United States v. Terrell Hargrove

30 F.4th 189
CourtCourt of Appeals for the Fourth Circuit
DecidedMarch 29, 2022
Docket20-7709
StatusPublished
Cited by30 cases

This text of 30 F.4th 189 (United States v. Terrell Hargrove) is published on Counsel Stack Legal Research, covering Court of Appeals for the Fourth Circuit primary law. Counsel Stack provides free access to over 12 million legal documents including statutes, case law, regulations, and constitutions.

Bluebook
United States v. Terrell Hargrove, 30 F.4th 189 (4th Cir. 2022).

Opinion

PUBLISHED

UNITED STATES COURT OF APPEALS FOR THE FOURTH CIRCUIT

No. 20-7709

UNITED STATES OF AMERICA,

Plaintiff - Appellee,

v.

TERRELL ANTHONY HARGROVE, a/k/a Rell,

Defendant - Appellant.

No. 20-7726

Appeals from the United States District Court for the Eastern District of Virginia, at Richmond. John A. Gibney, Jr., Senior District Judge. (3:06-cr-00026-JAG-1; 3:18-cr- 00001-JAG-1)

Argued: December 9, 2021 Decided: March 29, 2022 Before GREGORY, Chief Judge, and NIEMEYER and QUATTLEBAUM, Circuit Judges.

Affirmed by published opinion. Judge Niemeyer wrote the opinion, in which Chief Judge Gregory and Judge Quattlebaum joined.

ARGUED: Joseph Stephen Camden, OFFICE OF THE FEDERAL PUBLIC DEFENDER, Richmond, Virginia, for Appellant. Jacqueline Romy Bechara, OFFICE OF THE UNITED STATES ATTORNEY, Alexandria, Virginia, for Appellee. ON BRIEF: Geremy C. Kamens, Federal Public Defender, OFFICE OF THE FEDERAL PUBLIC DEFENDER, Alexandria, Virginia, for Appellant.

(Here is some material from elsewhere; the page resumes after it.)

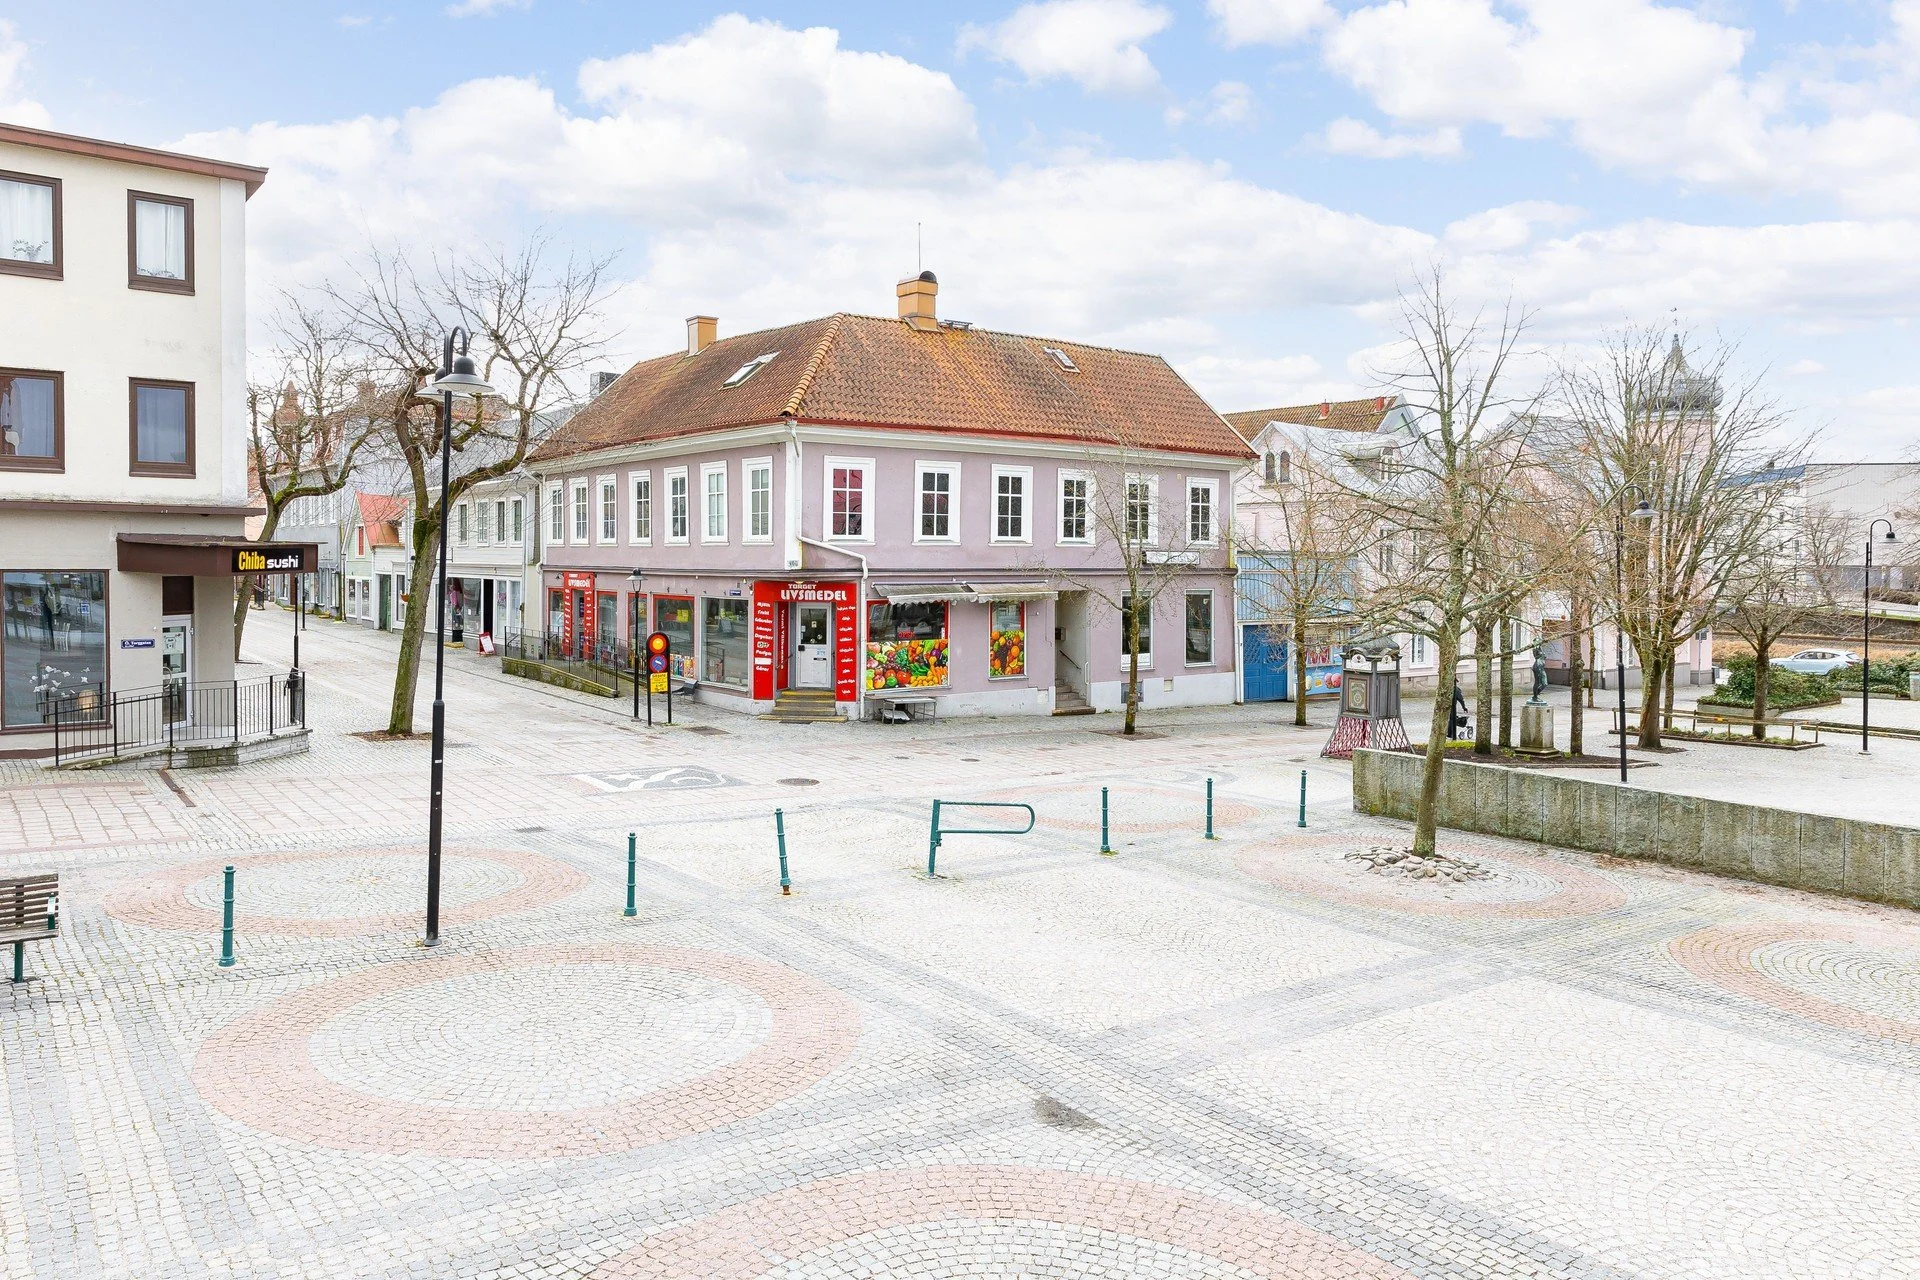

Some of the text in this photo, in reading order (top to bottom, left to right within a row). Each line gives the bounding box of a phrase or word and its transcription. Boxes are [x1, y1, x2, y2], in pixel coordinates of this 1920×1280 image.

Raj Parekh, Acting United States Attorney, Alexandria, Virginia, Joseph Attias, Assistant United States Attorney, OFFICE OF THE UNITED STATES ATTORNEY, Richmond, Virginia, for Appellee.

2 NIEMEYER, Circuit Judge:

On July 7, 2020, Terrell Hargrove, a 36-year-old inmate at Federal Medical Center

Devens in Massachusetts, filed a motion for compassionate release from prison, under 18

U.S.C. § 3582(c)(1)(A)(i), alleging in support of it:

– that FMC Devens had “just recently reported positive COVID-19 test results”;

– that he has asthma, high blood pressure, and obstructive sleep apnea, making it

“reasonably probable” that he will suffer “severe complications” if he were to

contract COVID-19; and

– that he has a “clean disciplinary record,” has “participated in extensive

programming,” and has a “concrete release plan.”

Hargrove was serving a 103-month sentence of imprisonment, which consisted of a 46-

month component imposed for a drug-trafficking conviction and a 57-month component

imposed for his violation of the conditions of his supervised release, which had been

imposed in connection with an earlier drug-trafficking conviction.

The district court denied Hargrove’s motion, finding principally (1) that because his

medical conditions only “might increase Hargrove’s risk” of experiencing serious illness

from COVID-19, he failed to establish an “extraordinary and compelling reason” for

release; and (2) that the factors of 18 U.S.C. § 3553(a) did not, in any event, support his

release.

3 Hargrove contends on appeal that the district court erred by (1) applying a “bright-

line rule” that if a medical condition was not included in the CDC’s highest risk category *

with respect to COVID-19, it could never qualify as an “extraordinary and compelling

reason” for release; (2) considering § 3553(a) factors that may not be applied when

imposing a revocation sentence; and (3) failing to address Hargrove’s rehabilitation efforts

and explain why the court gave them no weight in applying the § 3553(a) factors.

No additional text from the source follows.